### Work task
Could you quote, exactly as they stand, the lines running from the one with "this 1920×1024 image." to the final line of the material?

### Provided data
--

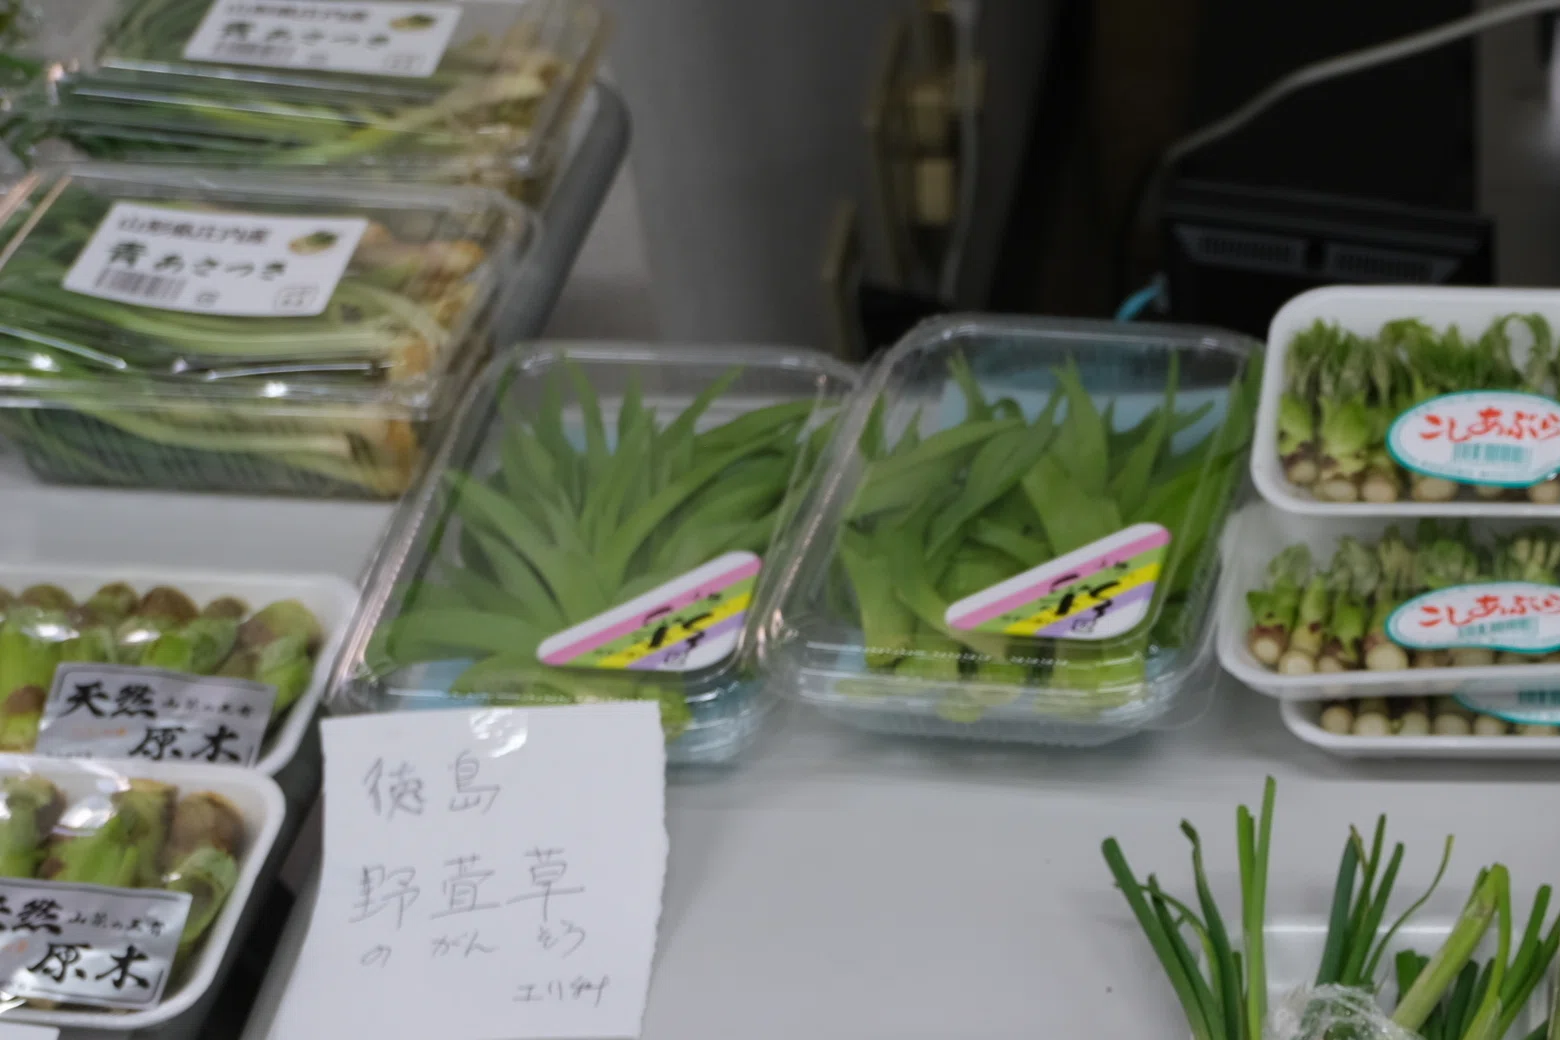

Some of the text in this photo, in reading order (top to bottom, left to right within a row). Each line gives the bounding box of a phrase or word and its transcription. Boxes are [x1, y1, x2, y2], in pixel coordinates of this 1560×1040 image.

[57, 681, 157, 719] 天然
[128, 724, 242, 763] 原木
[362, 749, 501, 822] 徳島
[0, 896, 63, 936] 然
[27, 943, 150, 990] 原木
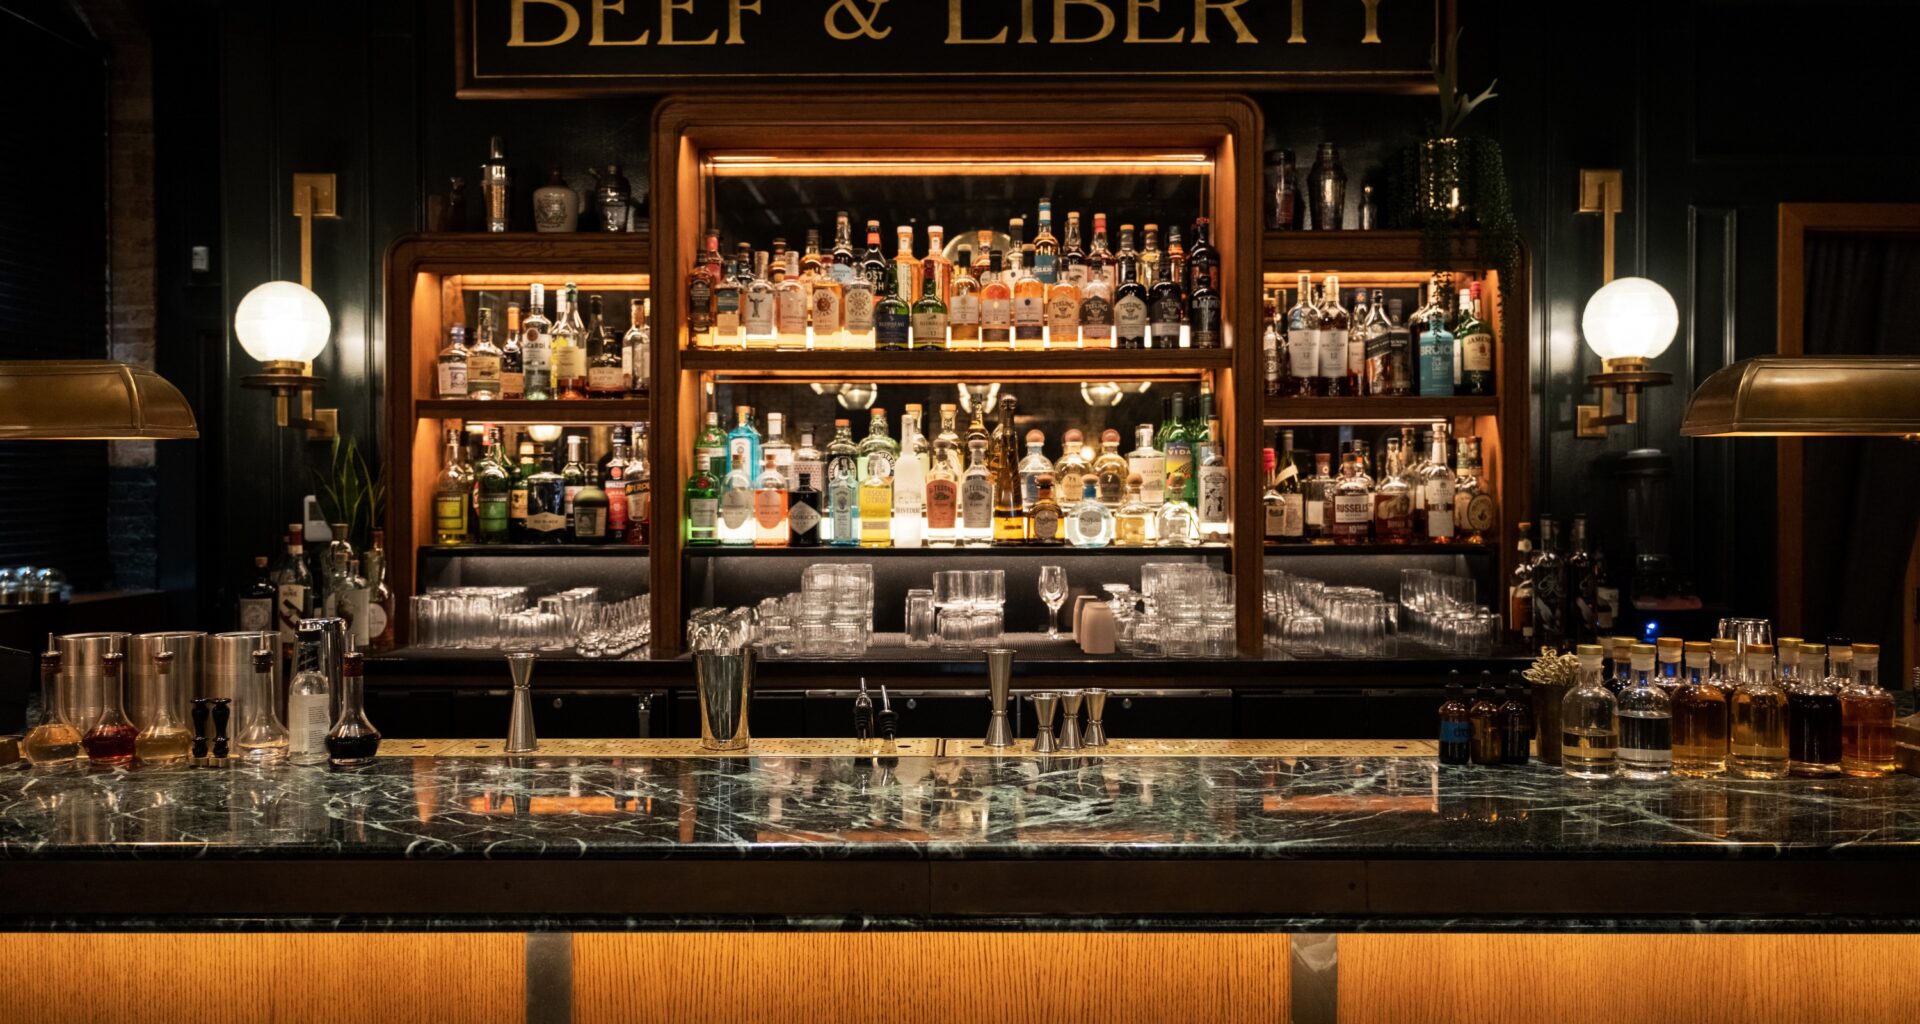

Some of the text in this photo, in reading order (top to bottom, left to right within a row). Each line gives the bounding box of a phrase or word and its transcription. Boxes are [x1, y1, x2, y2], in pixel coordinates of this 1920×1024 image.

[507, 0, 1383, 47] BEEF & LIBERTY

--

### Output
Some of the text in this photo, in reading order (top to bottom, left to right within a row). Each line gives the bounding box of a phrase or word and its transcription. Boxes are [x1, y1, x2, y2], in pixel coordinates of this 1920×1024 image.

[507, 0, 1383, 47] BEEF & LIBERTY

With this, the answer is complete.